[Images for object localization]
········

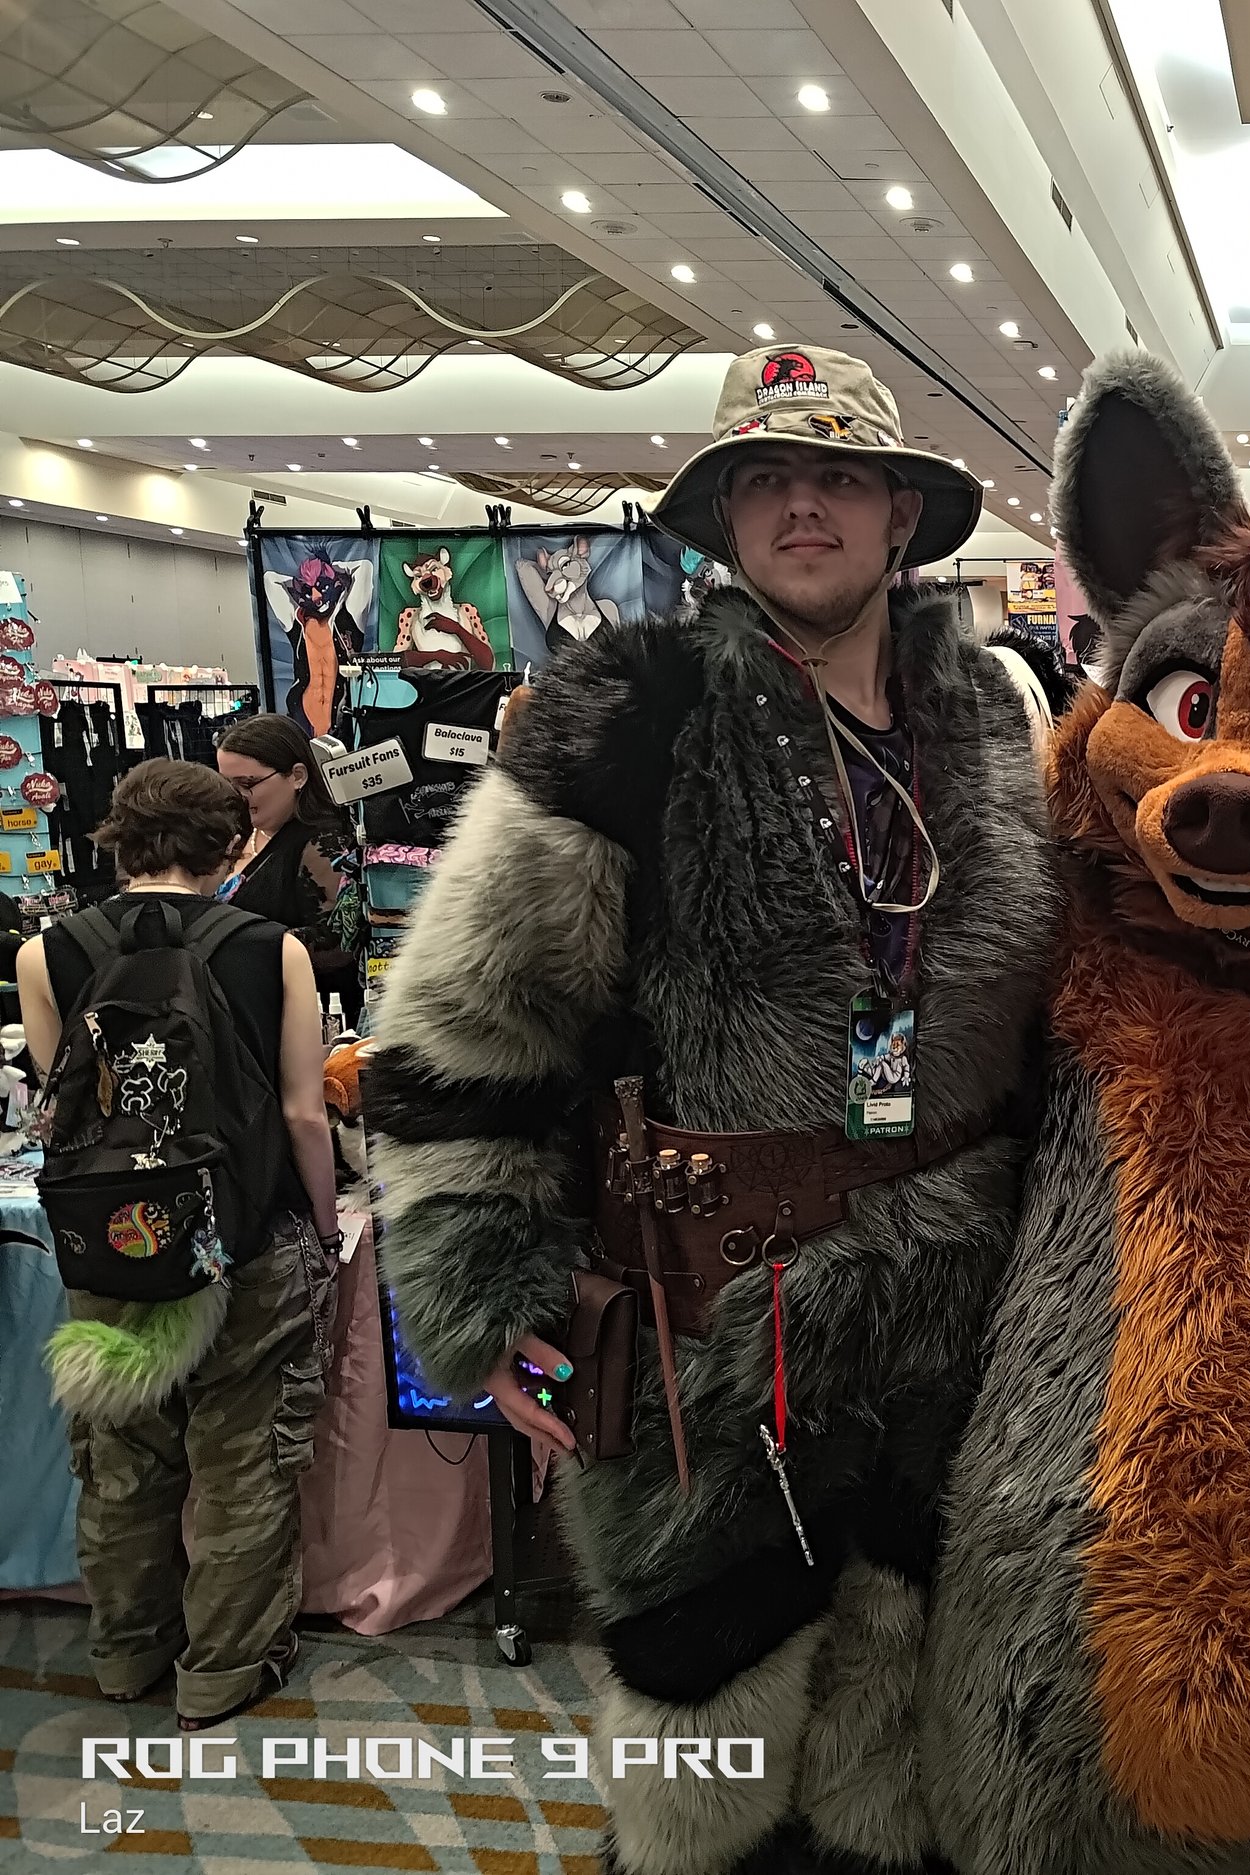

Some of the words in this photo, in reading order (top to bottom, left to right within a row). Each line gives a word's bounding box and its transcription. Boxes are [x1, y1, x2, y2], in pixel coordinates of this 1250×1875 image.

[757, 382, 793, 400] DRAGON
[434, 728, 483, 743] Balaclava
[449, 746, 465, 758] $15
[328, 754, 371, 780] Fursuit
[371, 747, 400, 766] Fans
[361, 774, 383, 790] $35
[870, 1125, 904, 1135] PATRON
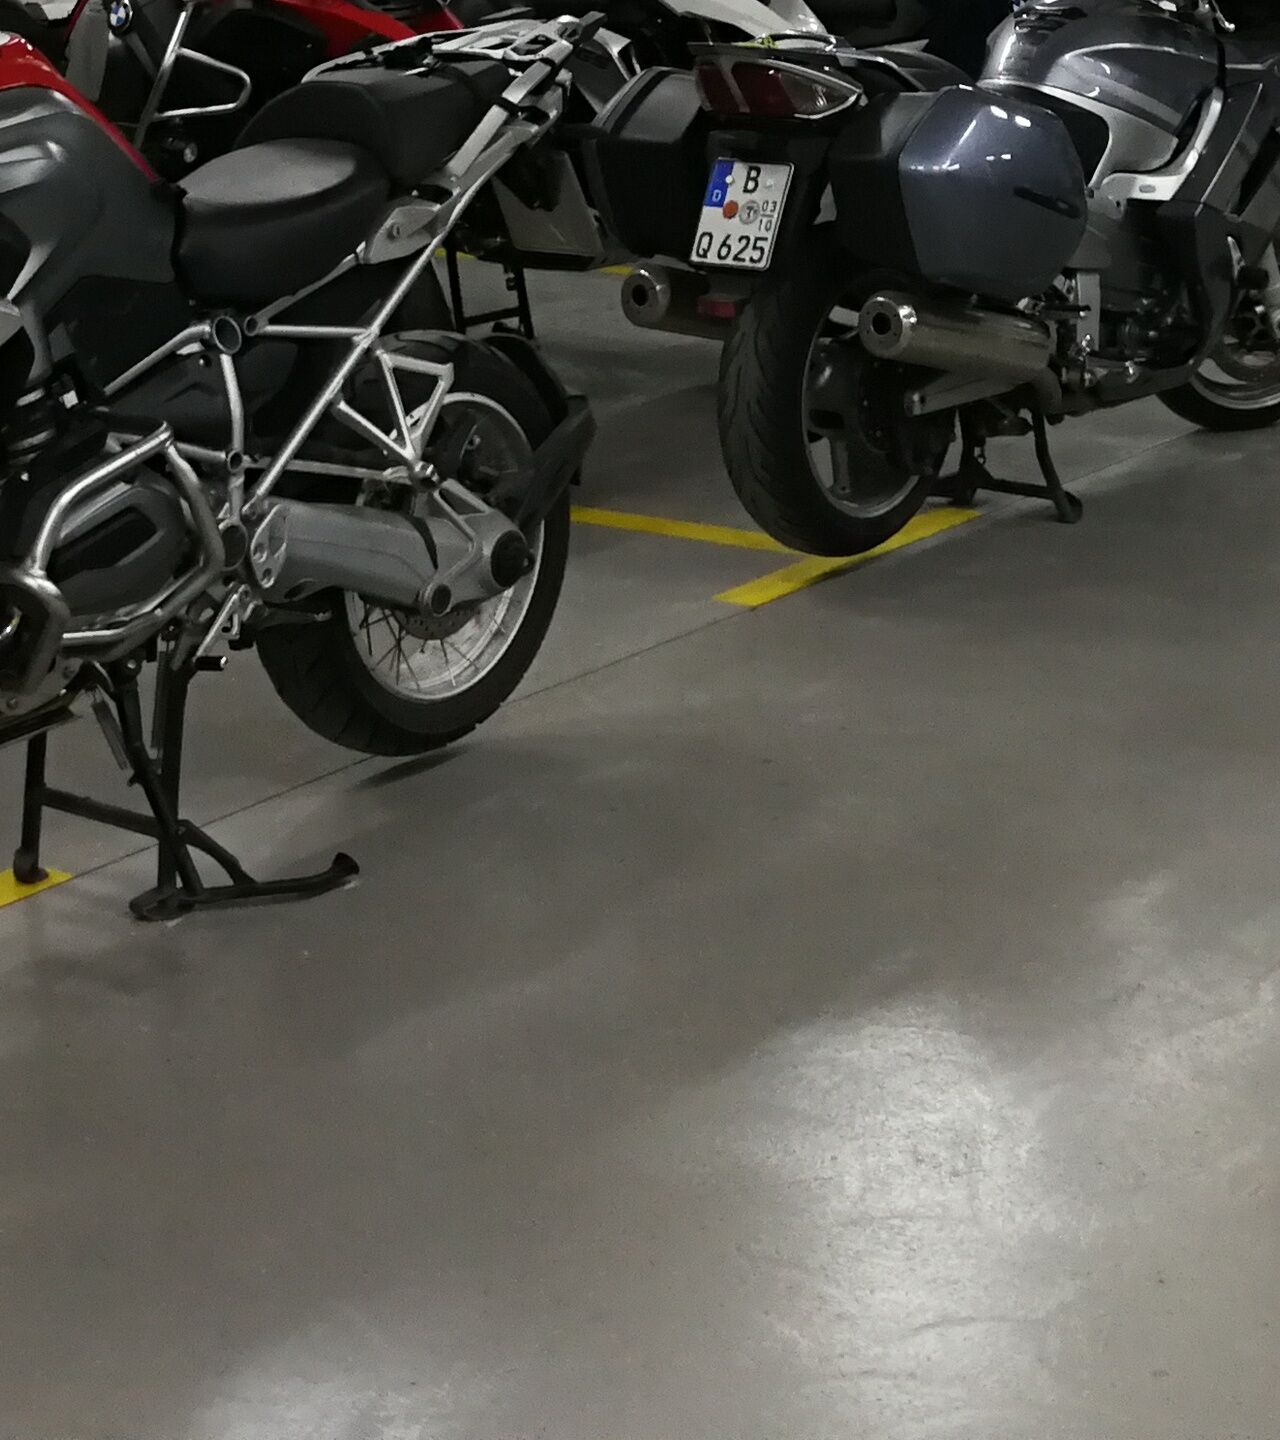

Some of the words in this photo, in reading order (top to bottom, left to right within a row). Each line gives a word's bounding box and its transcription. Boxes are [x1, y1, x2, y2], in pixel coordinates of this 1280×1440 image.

[742, 165, 762, 193] B
[761, 200, 778, 213] 03
[758, 218, 773, 232] 10
[696, 231, 714, 259] Q
[717, 234, 769, 264] 625

········

#### [Exercise brief]
Skipping any images, write out all the data exactly.

#### [Output below]
Some of the words in this photo, in reading order (top to bottom, left to right within a row). Each line gives a word's bounding box and its transcription. Boxes are [x1, y1, x2, y2], in pixel coordinates of this 1250×1875 image.

[757, 382, 793, 400] DRAGON
[434, 728, 483, 743] Balaclava
[449, 746, 465, 758] $15
[328, 754, 371, 780] Fursuit
[371, 747, 400, 766] Fans
[361, 774, 383, 790] $35
[870, 1125, 904, 1135] PATRON

Some of the words in this photo, in reading order (top to bottom, left to right within a row). Each line gives a word's bounding box and its transcription. Boxes are [x1, y1, x2, y2], in pixel coordinates of this 1280×1440 image.

[742, 165, 762, 193] B
[761, 200, 778, 213] 03
[758, 218, 773, 232] 10
[696, 231, 714, 259] Q
[717, 234, 769, 264] 625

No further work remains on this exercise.